• [DATA SUPPLIED]:
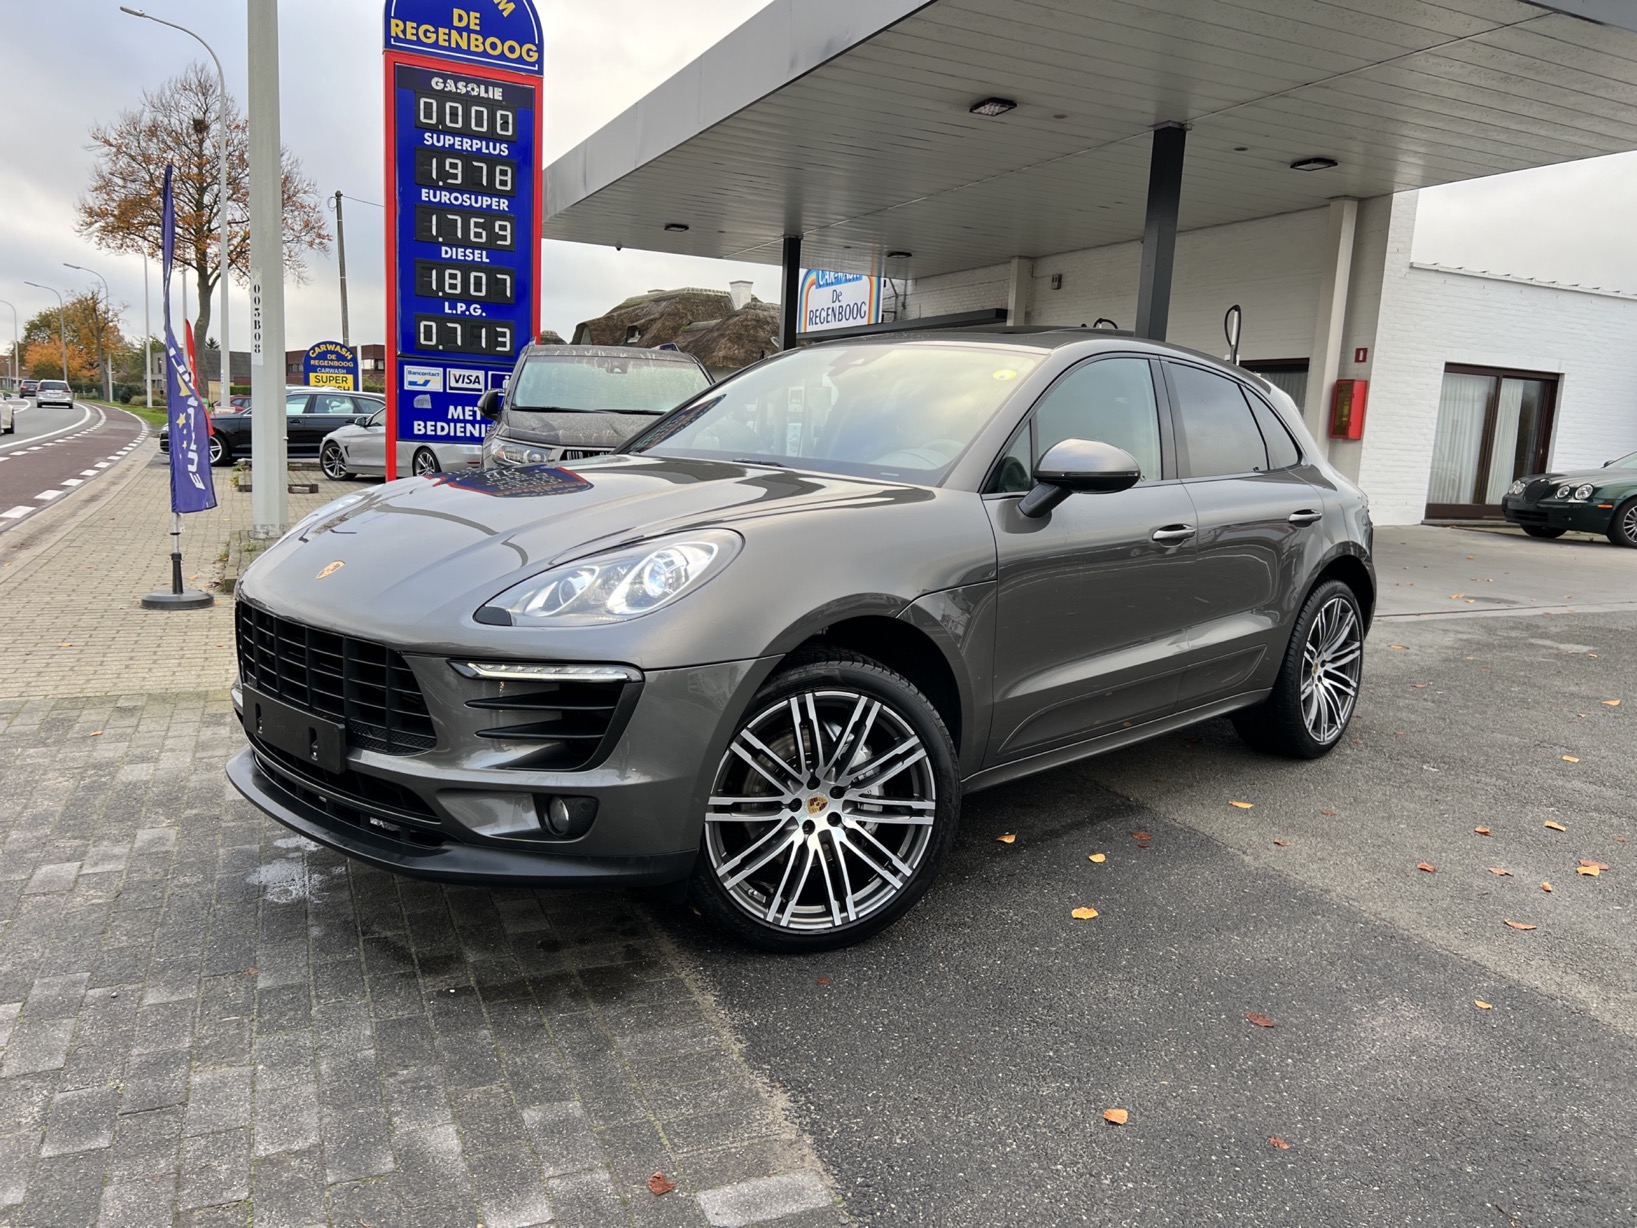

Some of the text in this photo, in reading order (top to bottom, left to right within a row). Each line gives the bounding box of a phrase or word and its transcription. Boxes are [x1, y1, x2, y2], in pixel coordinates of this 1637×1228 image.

[453, 8, 480, 31] DE
[390, 18, 539, 62] REGENBOOG
[423, 132, 509, 156] SUPERPLUS
[431, 157, 512, 191] 1.978
[421, 188, 509, 211] EUROSUPER
[431, 214, 511, 245] 1.769
[441, 246, 490, 262] DIESEL
[431, 269, 511, 298] 1.807
[832, 289, 843, 304] De
[444, 302, 487, 317] L.P.G.
[808, 301, 867, 326] REGENBOOG
[419, 320, 511, 352] 0.713
[309, 343, 353, 360] CARWASH
[314, 375, 348, 384] SUPER
[452, 373, 481, 385] VISA
[413, 420, 491, 438] BEDIENI

• [TASK GOAL]:
Take every entry above and transcribe it exactly, with no pictures in the copy.

• [YOUR SOLUTION]:
Some of the text in this photo, in reading order (top to bottom, left to right within a row). Each line gives the bounding box of a phrase or word and its transcription. Boxes are [x1, y1, x2, y2], in pixel coordinates of this 1637×1228 image.

[453, 8, 480, 31] DE
[390, 18, 539, 62] REGENBOOG
[423, 132, 509, 156] SUPERPLUS
[431, 157, 512, 191] 1.978
[421, 188, 509, 211] EUROSUPER
[431, 214, 511, 245] 1.769
[441, 246, 490, 262] DIESEL
[431, 269, 511, 298] 1.807
[832, 289, 843, 304] De
[444, 302, 487, 317] L.P.G.
[808, 301, 867, 326] REGENBOOG
[419, 320, 511, 352] 0.713
[309, 343, 353, 360] CARWASH
[314, 375, 348, 384] SUPER
[452, 373, 481, 385] VISA
[413, 420, 491, 438] BEDIENI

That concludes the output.